Private prisons will necessarily be an improvement on public prisons because it would be almost impossible to perform any worse. It should be pointed out that many of the officials and employees of DCS are hardworking and devoted civil servants who deserve to be commended for their efforts in strenuous and stressful conditions. The impact of backlogs in the Department of Justice and a lack of resources have significantly contributed to the current state of the public prison system and these are factors which are beyond the control of even the most senior DCS official. That being said, the fact remains that conditions in South African prisons are deplorable and the private sector cannot help but be an improvement.
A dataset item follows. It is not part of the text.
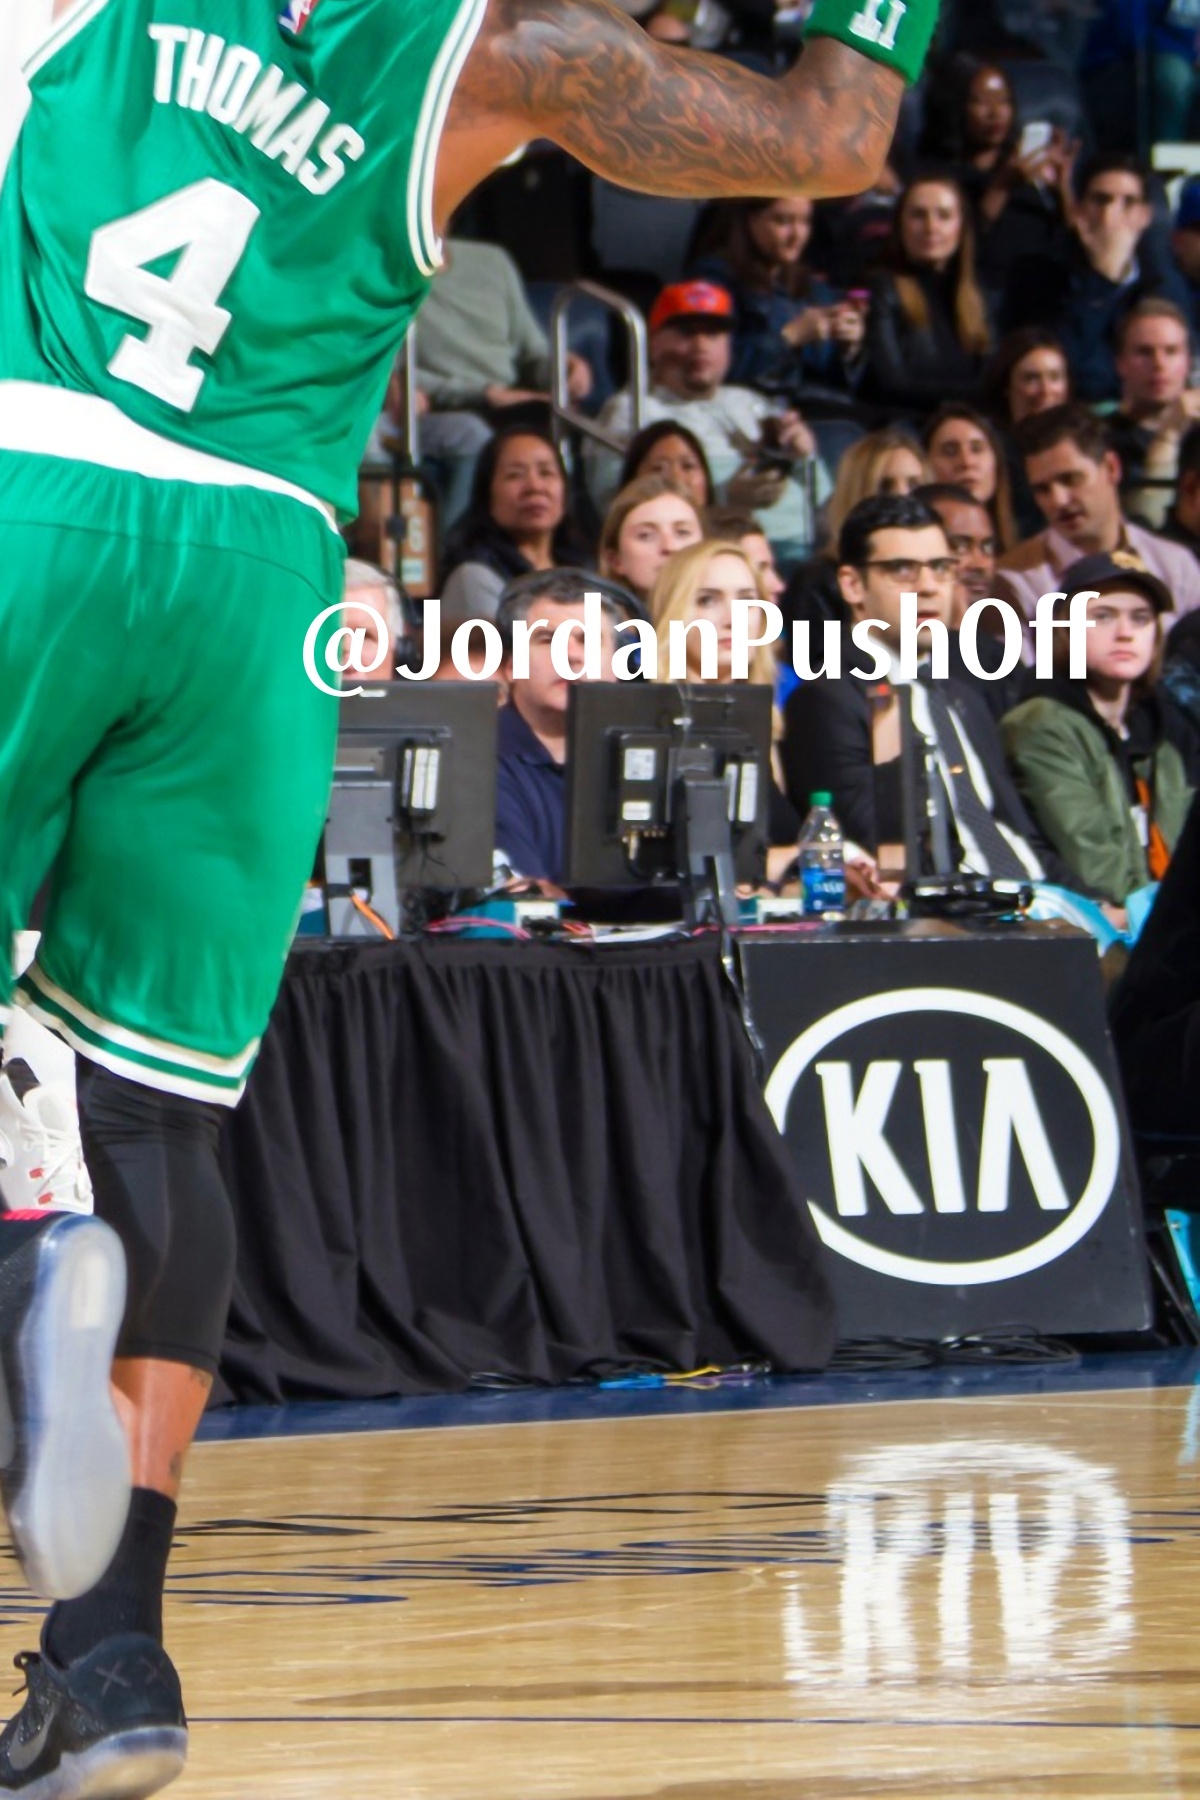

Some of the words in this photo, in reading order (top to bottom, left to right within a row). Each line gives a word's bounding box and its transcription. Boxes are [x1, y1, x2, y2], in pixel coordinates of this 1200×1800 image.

[148, 23, 365, 196] THOMAS
[84, 177, 261, 414] 4
[815, 1058, 1070, 1217] KIA
There is a risk that because the public sector cannot, at the moment, compete with the private in terms of provision of correctional services, the government will become dependent on private prison companies. This scenario is still a long way off, however, because private prisons are just beginning in South Africa. The possibility exists that eventually the number of private prisons will outnumber the public ones, and DCS will find itself at the mercy of private companies operating in facilities which the state neither owns nor can afford to purchase.
Monitoring
The CSA 1998 provides that a controller must be appointed and enumerates some of the general duties of the controller. The contract lists the specific performance standards required of BCC in a section entitled "Schedule D". The performance standards in Schedule D assist the controller with his monitoring duties but they are also used by an audit review team which will periodically visit the prison. Schedule D was adapted from the contracts used in the United Kingdom with moderate variation. It includes seven basic goals which the prison is expected to attain:
- Keep prisoners in custody.
- Maintain order, control, discipline, and a safe environment.
- Provide decent conditions and meet prisoner needs.
- Provide a structured day programme.
- Prepare prisoners for their return to the community.
- Delivery of prison services.
- Community involvement.
It is difficult to ascertain whether these goals will be achieved and whether the monitoring mechanisms will be effective because the prison has only recently opened. However, the specificity of the contract is encouraging. Under each of the goals, as many as 30 separate points were listed as necessary activities. Some examples include the requirement that the contractor will provide postage for one letter per week for each prisoner, each prisoner will receive a free haircut every three weeks, and that there should be one newspaper per 15 prisoners. Some of these seem too specific to be effectively monitored, but their inclusion is encouraging proof that the government and the contractor are serious about taking the provision of correctional services to a level unseen in South Africa.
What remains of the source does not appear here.